Given records:
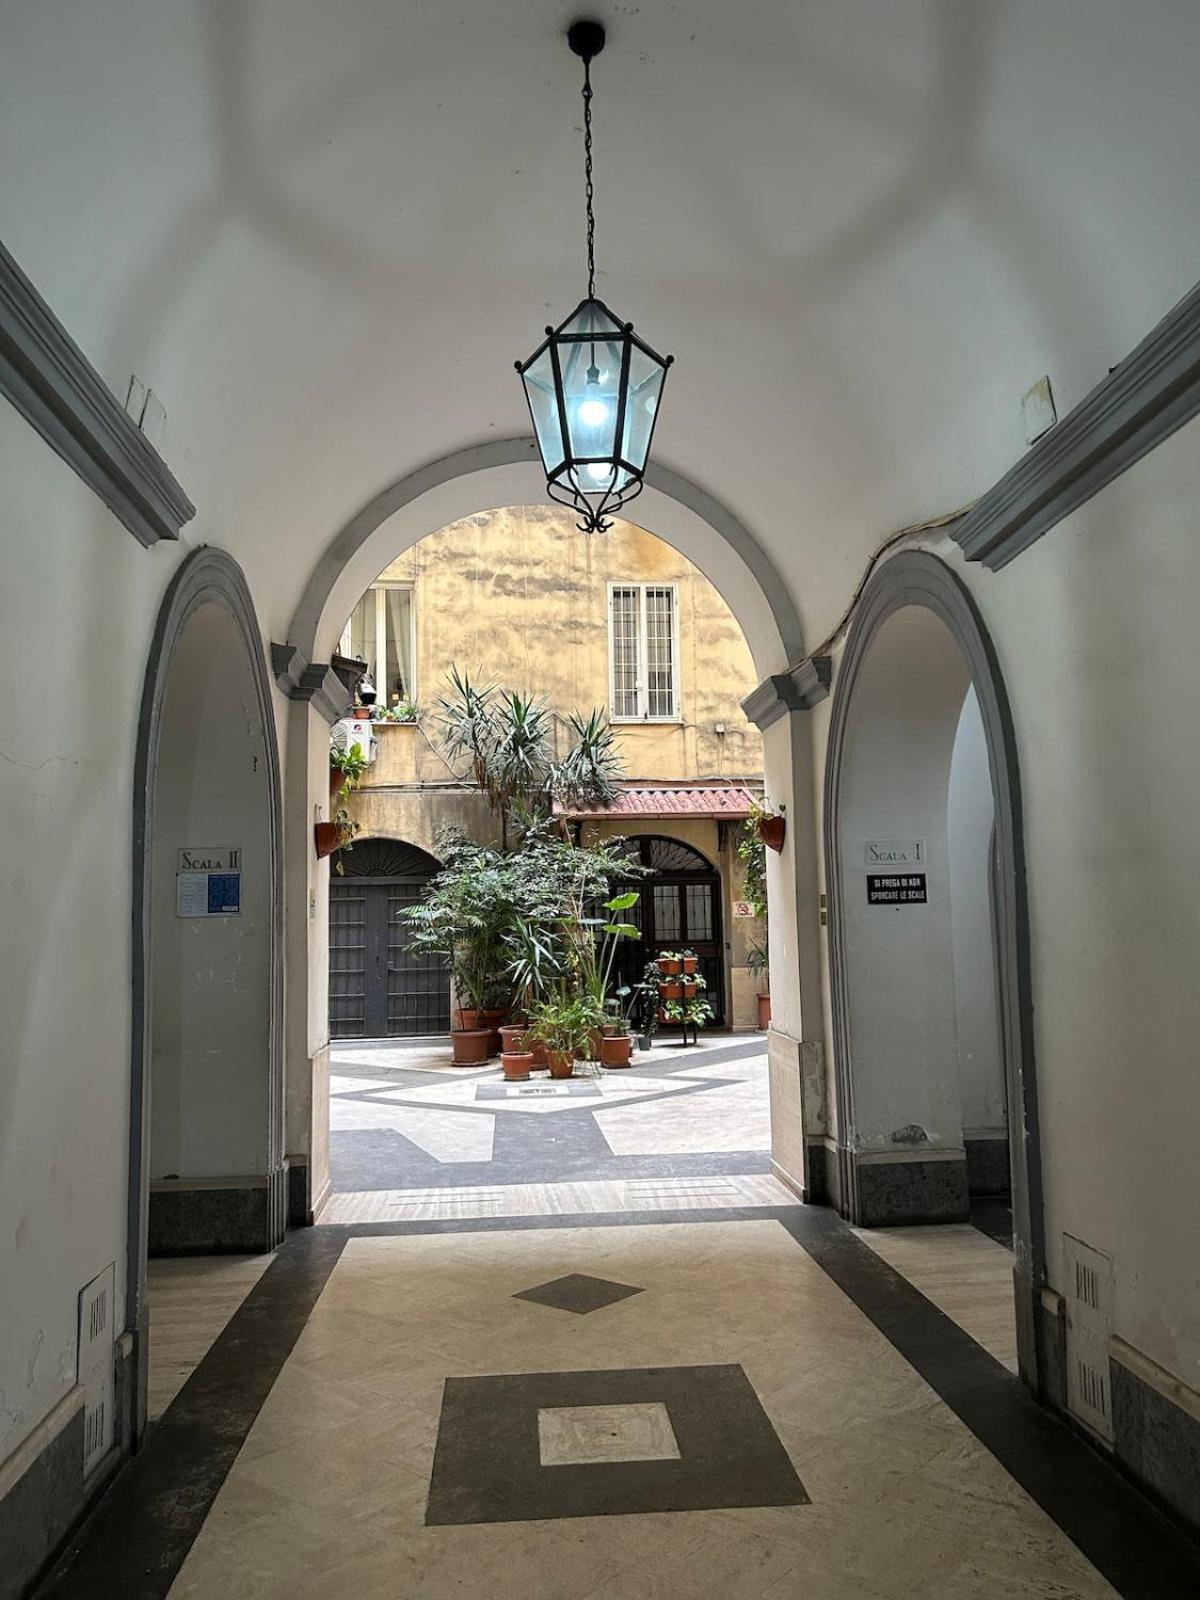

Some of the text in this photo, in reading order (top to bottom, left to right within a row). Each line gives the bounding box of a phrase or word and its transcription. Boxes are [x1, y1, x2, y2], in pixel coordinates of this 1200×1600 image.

[229, 850, 238, 869] II
[874, 878, 921, 888] SI PREGA DI NON
[900, 890, 907, 900] LE
[907, 890, 925, 899] SCALE
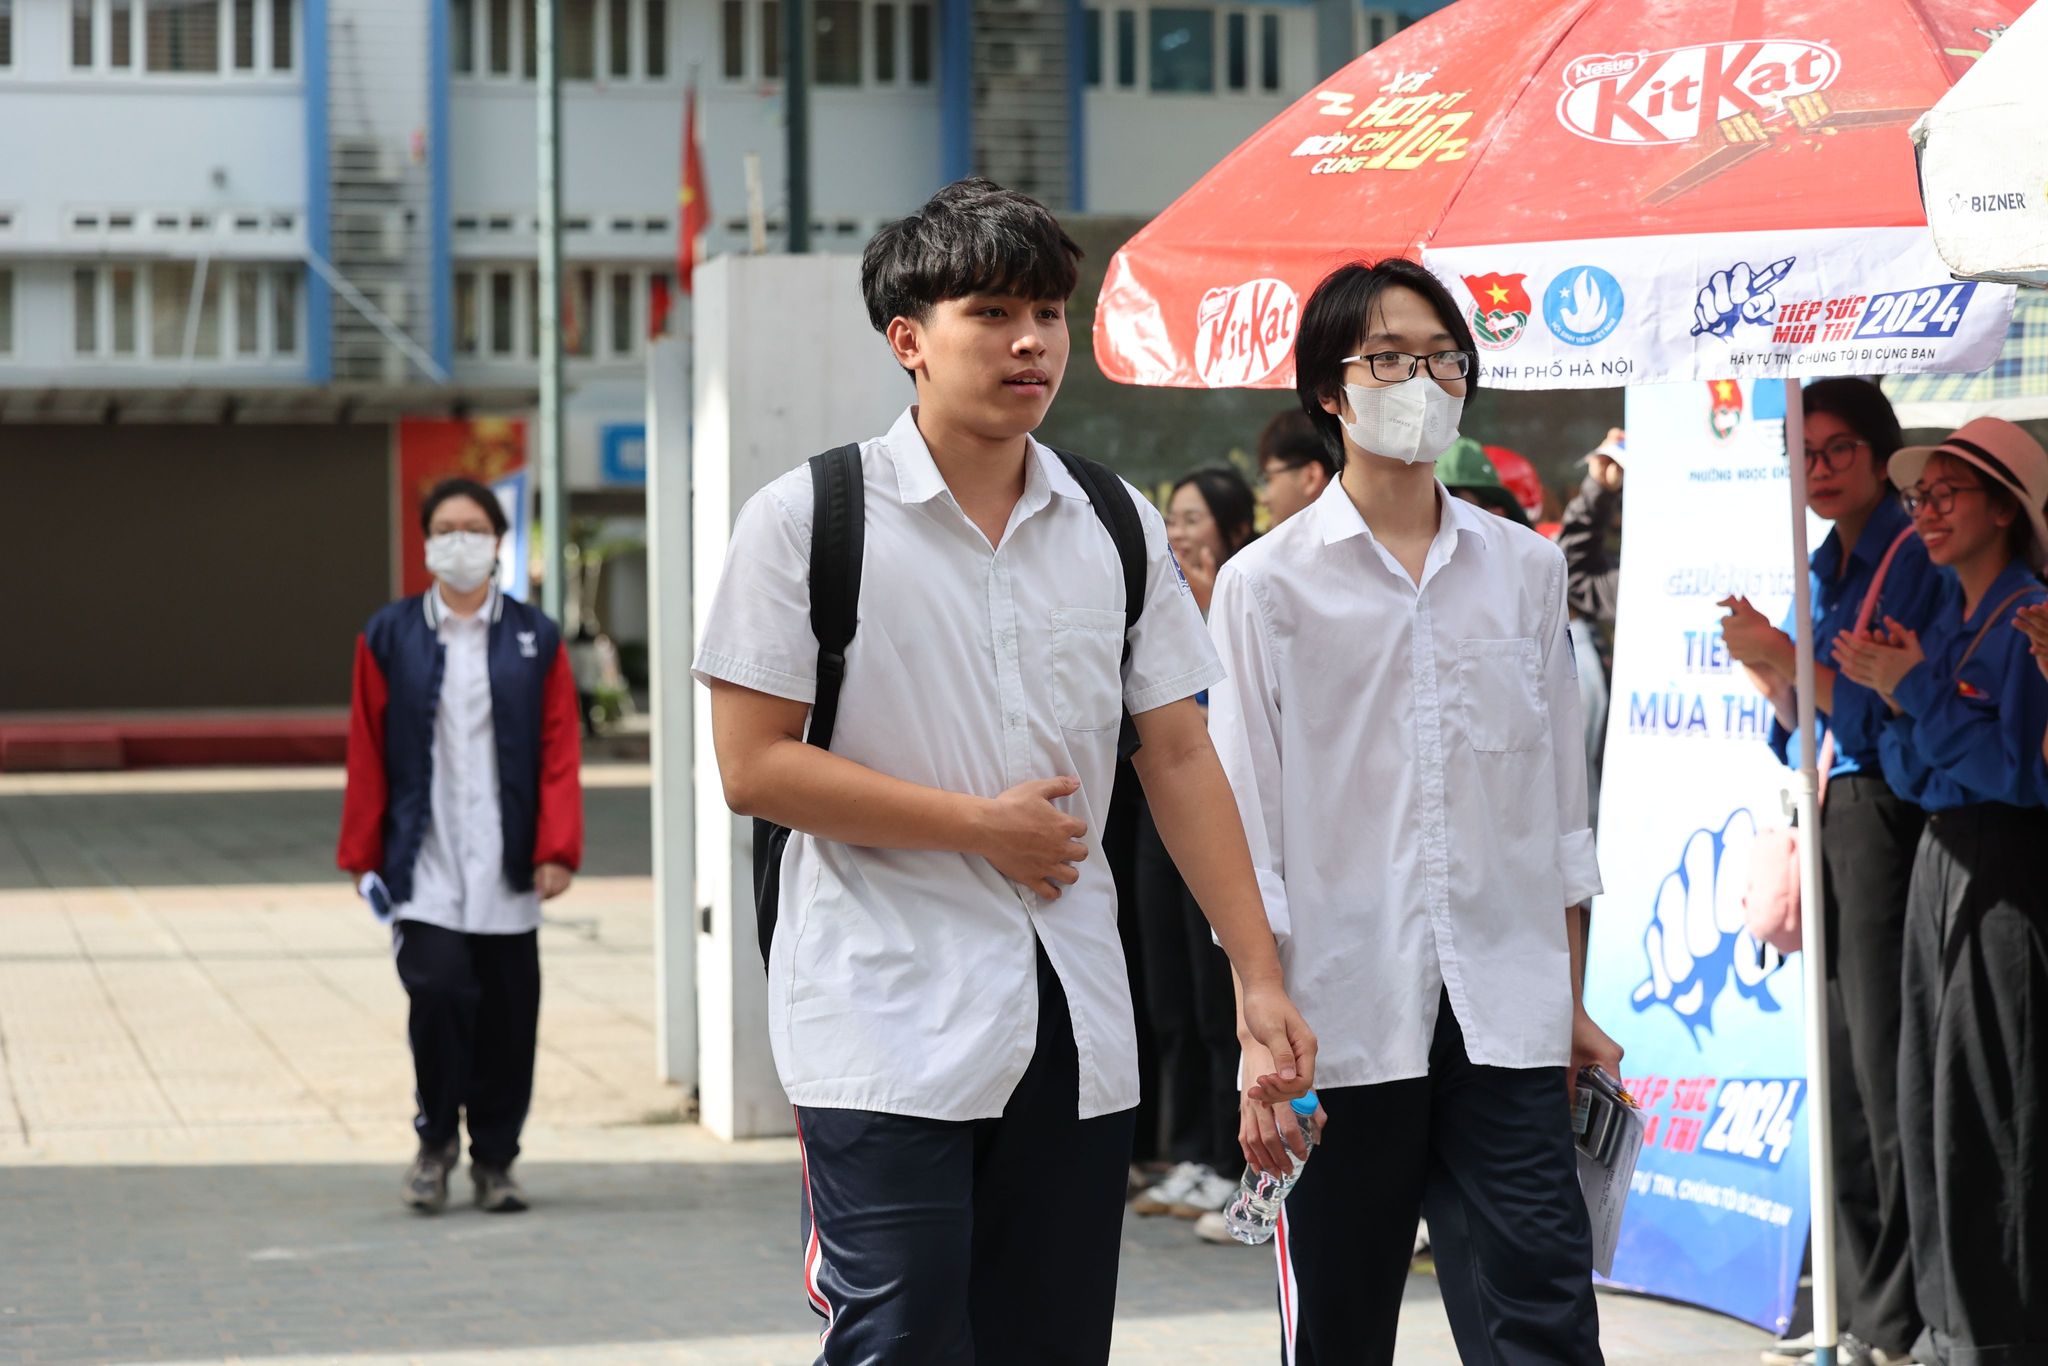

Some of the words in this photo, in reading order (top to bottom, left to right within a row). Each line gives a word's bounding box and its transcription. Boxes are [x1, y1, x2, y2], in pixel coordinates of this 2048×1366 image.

[1593, 43, 1822, 141] KitKat
[1971, 193, 2026, 212] BIZNER
[1204, 283, 1294, 383] KitKat
[1777, 299, 1822, 323] TIẾP
[1825, 294, 1867, 320] SỨC
[1857, 283, 1964, 337] 2024
[1821, 321, 1855, 343] THI
[1479, 363, 1517, 379] ÀNH
[1524, 359, 1563, 378] PHỐ
[1570, 359, 1595, 377] HÀ
[1601, 357, 1634, 377] NỘI
[1757, 352, 1772, 366] TỰ
[1797, 350, 1836, 365] CHÚNG
[1861, 349, 1872, 360] ĐI
[1875, 346, 1907, 359] CÙNG
[1911, 348, 1936, 361] BẠN
[1629, 684, 1708, 732] MÙA
[1722, 695, 1770, 737] THI
[1702, 1080, 1801, 1164] 2024
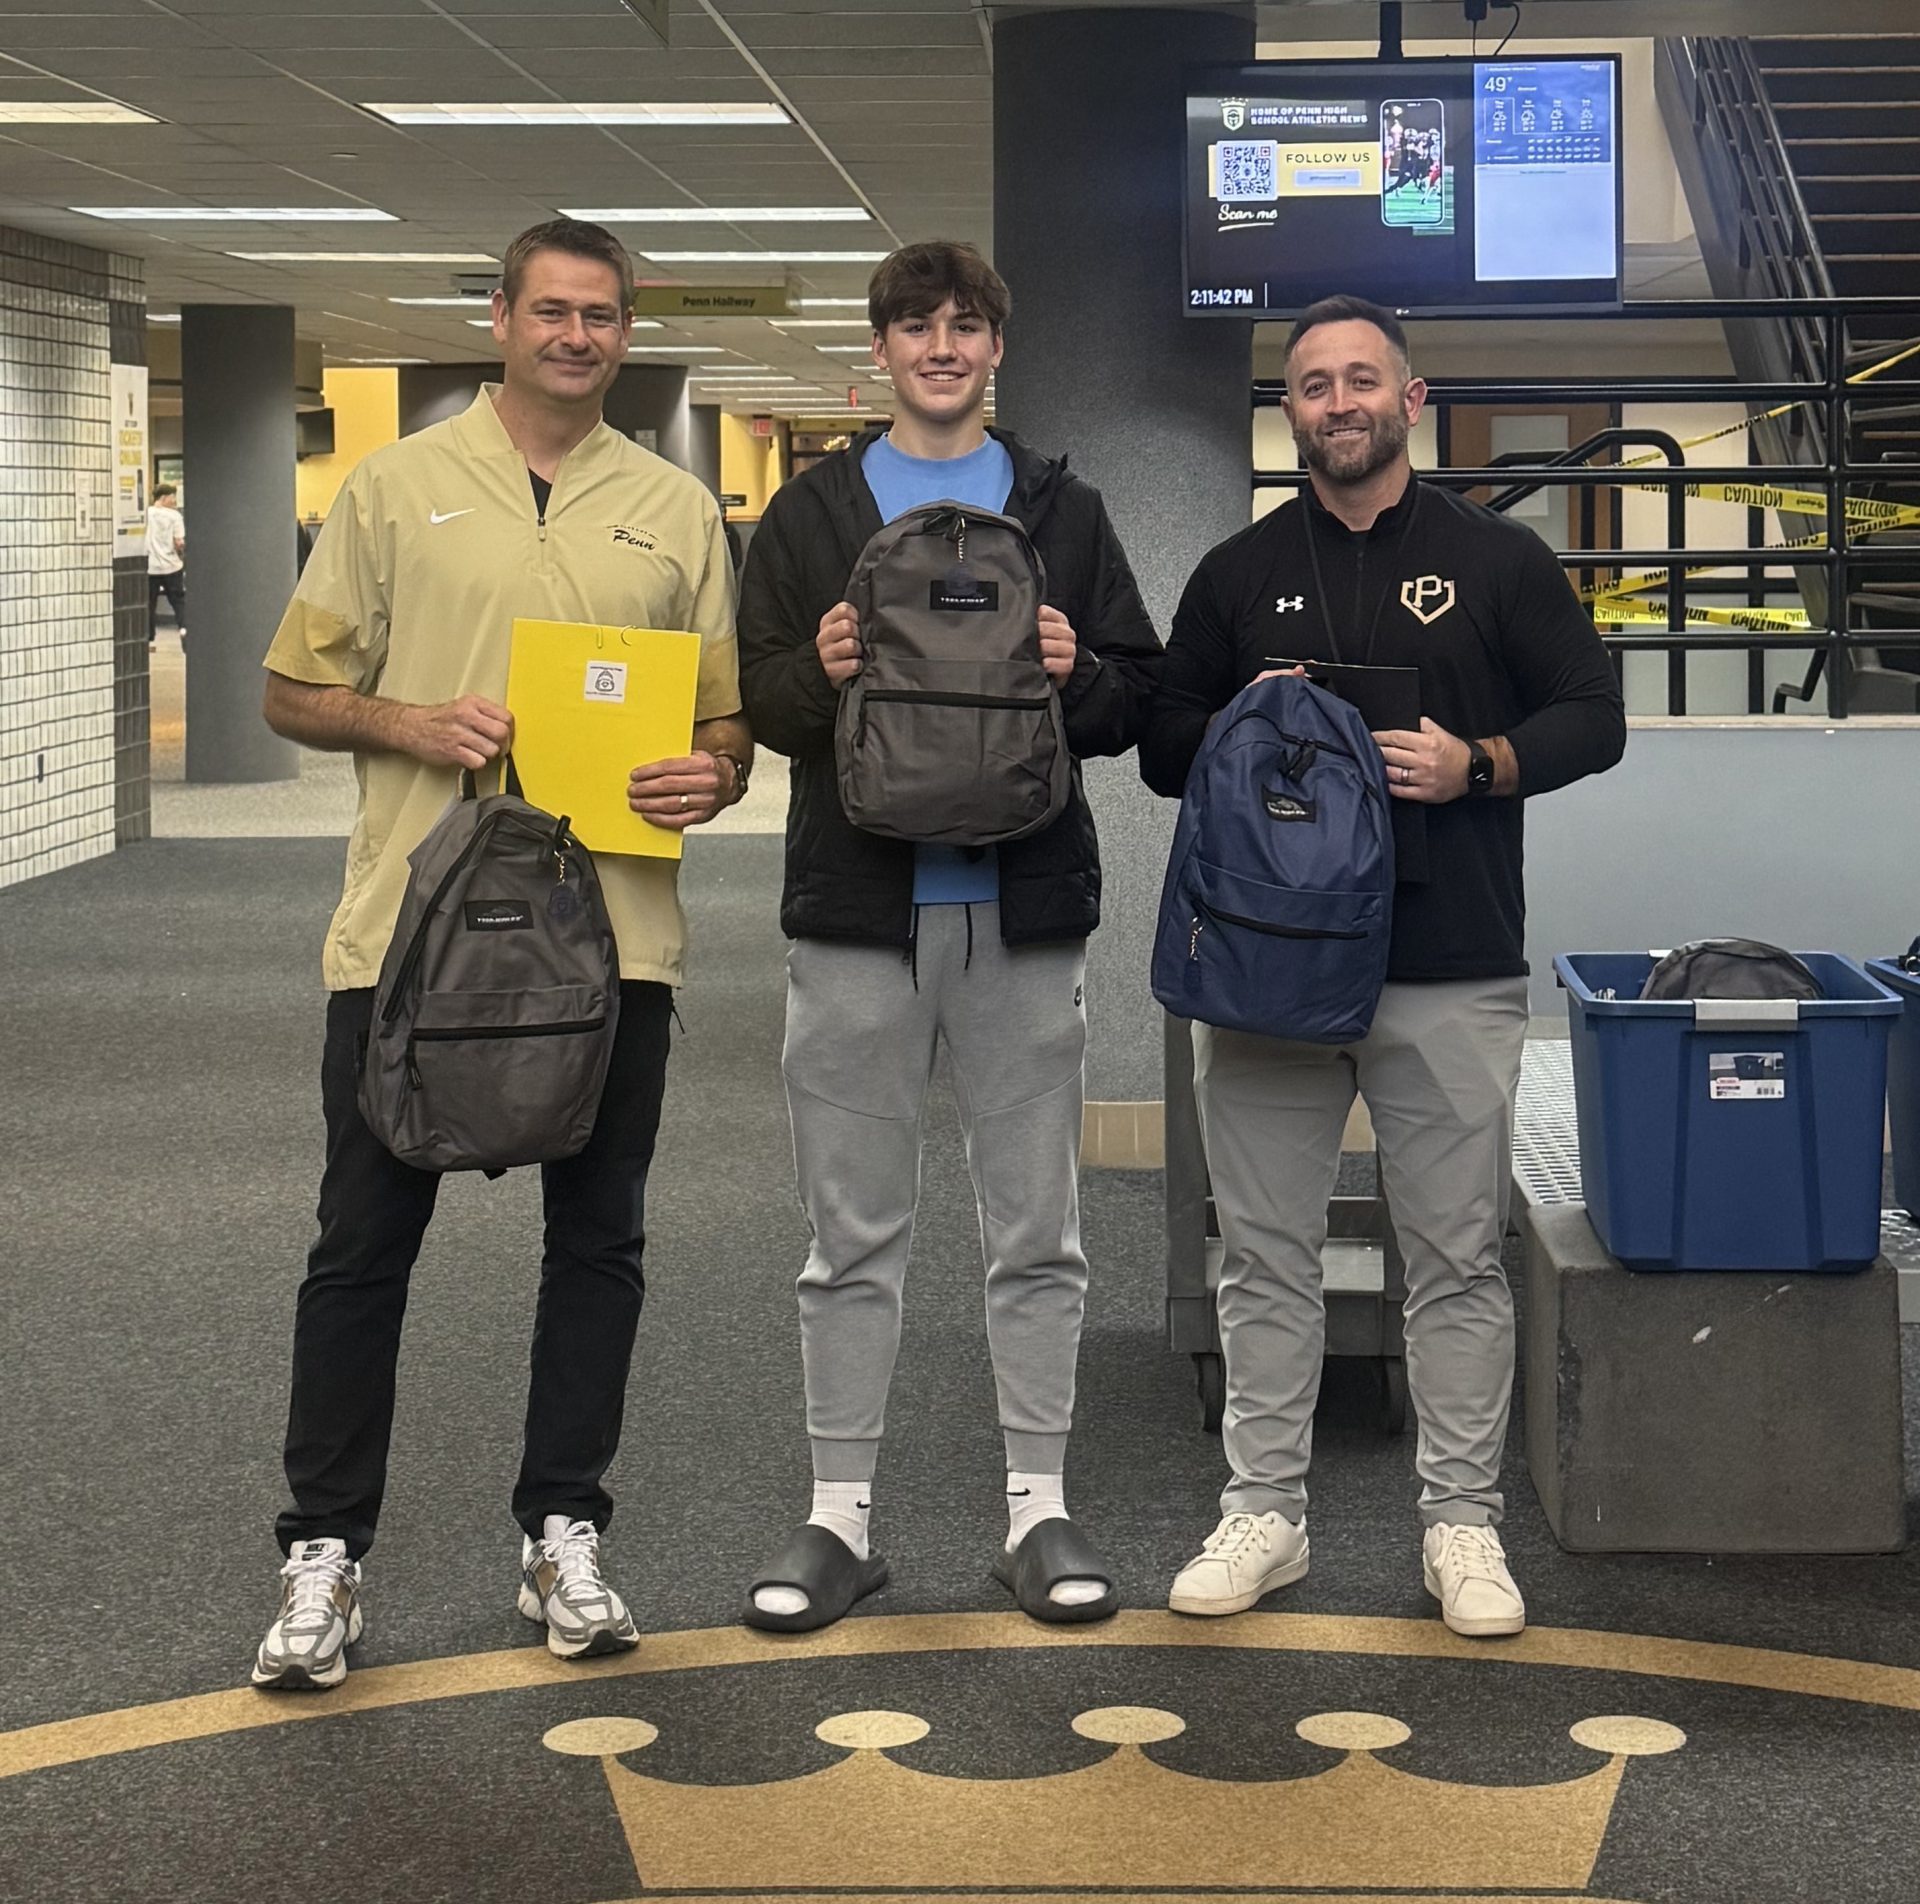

How to complete this task: In your copy, leave out the pictures and reproduce the material above exactly.

Answer area:
Some of the text in this photo, in reading order (top to bottom, left to right within a row). Each line gives the bounding box of a phrase or word and its transcription. Boxes are [x1, y1, x2, y2], in pixel coordinates of this 1200×1600 image.

[229, 850, 238, 869] II
[874, 878, 921, 888] SI PREGA DI NON
[900, 890, 907, 900] LE
[907, 890, 925, 899] SCALE

Some of the words in this photo, in reading order (top to bottom, left to right within a row). Each line gives a word's bounding box and its transcription. Boxes are [x1, y1, x2, y2], in pixel coordinates of this 2048×1366 image.

[1593, 43, 1822, 141] KitKat
[1971, 193, 2026, 212] BIZNER
[1204, 283, 1294, 383] KitKat
[1777, 299, 1822, 323] TIẾP
[1825, 294, 1867, 320] SỨC
[1857, 283, 1964, 337] 2024
[1821, 321, 1855, 343] THI
[1479, 363, 1517, 379] ÀNH
[1524, 359, 1563, 378] PHỐ
[1570, 359, 1595, 377] HÀ
[1601, 357, 1634, 377] NỘI
[1757, 352, 1772, 366] TỰ
[1797, 350, 1836, 365] CHÚNG
[1861, 349, 1872, 360] ĐI
[1875, 346, 1907, 359] CÙNG
[1911, 348, 1936, 361] BẠN
[1629, 684, 1708, 732] MÙA
[1722, 695, 1770, 737] THI
[1702, 1080, 1801, 1164] 2024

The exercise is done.